This Robot Can Print You a House Today

Photo credit: MIT / YouTube
Photo credit: MIT / YouTube

From Popular Mechanics

Researchers at MIT have designed a system that can 3D print the basic structure of an entire building. It's a strategy towards building that could radically lower the costs of construction.

MIT is not the first to build a livable structure out of 3D printing. Chinese construction companies have been using 3D printing since 2005, a company called Apis Cor has built a home in 24 hours for $10,000. But unlike "typical 3-D printing systems," MIT says in a press release, "most of which use some kind of an enclosed, fixed structure to support their nozzles and are limited to building objects that can fit within their overall enclosure, this free-moving system can construct an object of any size." That flexibility allows for the MIT system, known as the Digital Construction Platform, to be used in all sorts of environments.

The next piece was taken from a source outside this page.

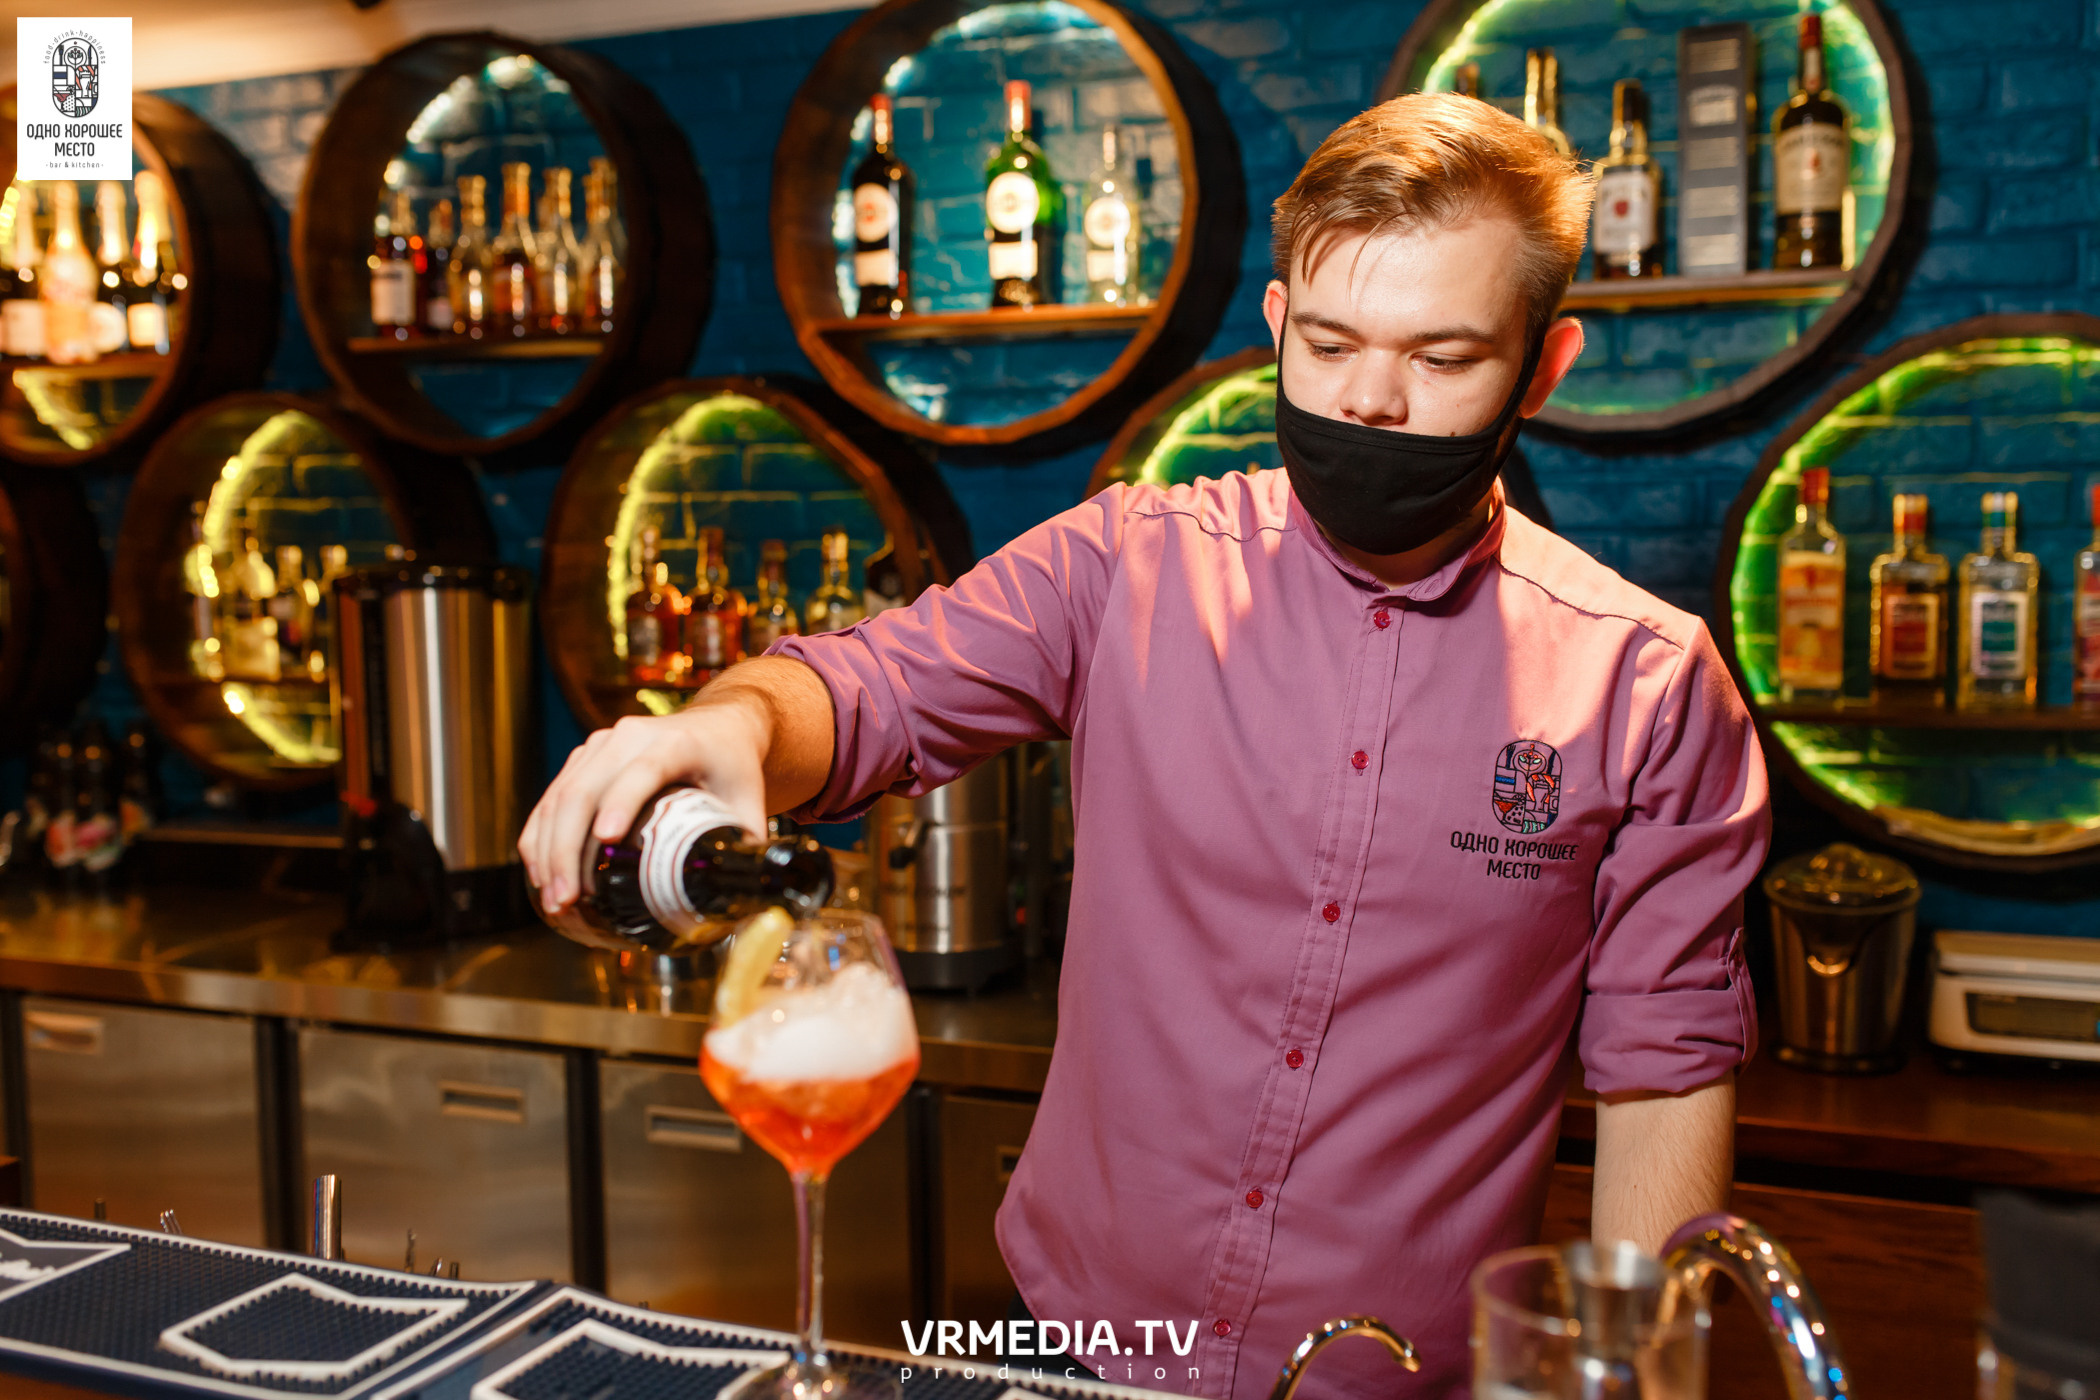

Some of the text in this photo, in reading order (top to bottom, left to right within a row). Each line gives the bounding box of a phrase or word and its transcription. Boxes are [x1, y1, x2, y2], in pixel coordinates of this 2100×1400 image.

[1451, 831, 1579, 860] ОДНО ХОРОШЕЕ
[1487, 859, 1541, 880] МЕСТО

The DCP is basically a hydraulic arm with tire treads. But that arm is versatile, and comes with a scoop that could be used to both prepare the building surface and use its basic environmental surroundings, like dirt, in the construction.

The DCP built a 50-foot-diameter, 12-foot-high dome in only 14 hours of printing time. This included a foam-insulation framework which was then used used to form a finished concrete structure. It's similar to the building techniques used by traditional builders.

Steven Keating, a mechanical engineering graduate who was lead researcher on the project, says the "construction industry is still mostly doing things the way it has for hundreds of years," using the same materials and built with saws and nails. "With this process, we can replace one of the key parts of making a building, right now," he says. "It could be integrated into a building site tomorrow."

The goal is a system that is entirely self-sufficient, that can be placed in nearly any environment and start building structures. That includes places both extreme and foreign, like Antarctica, the Moon, or Mars. Considering how China the European Space Agency just announced plans for a "Moon Village," the DCP, or something like, it, may be building a house out of Moon dirt sooner than you think.